§ Stored data
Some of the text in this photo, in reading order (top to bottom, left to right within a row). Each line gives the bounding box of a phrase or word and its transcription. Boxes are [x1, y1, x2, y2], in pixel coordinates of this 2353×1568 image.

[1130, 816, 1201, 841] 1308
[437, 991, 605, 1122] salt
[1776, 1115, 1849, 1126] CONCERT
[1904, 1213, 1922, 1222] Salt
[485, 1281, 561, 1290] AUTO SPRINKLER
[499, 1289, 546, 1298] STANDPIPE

§ GOAL OF THE EXERCISE
Please return all of the entries exactly as they were given.

§ YOUR SOLUTION
Some of the text in this photo, in reading order (top to bottom, left to right within a row). Each line gives the bounding box of a phrase or word and its transcription. Boxes are [x1, y1, x2, y2], in pixel coordinates of this 2353×1568 image.

[1130, 816, 1201, 841] 1308
[437, 991, 605, 1122] salt
[1776, 1115, 1849, 1126] CONCERT
[1904, 1213, 1922, 1222] Salt
[485, 1281, 561, 1290] AUTO SPRINKLER
[499, 1289, 546, 1298] STANDPIPE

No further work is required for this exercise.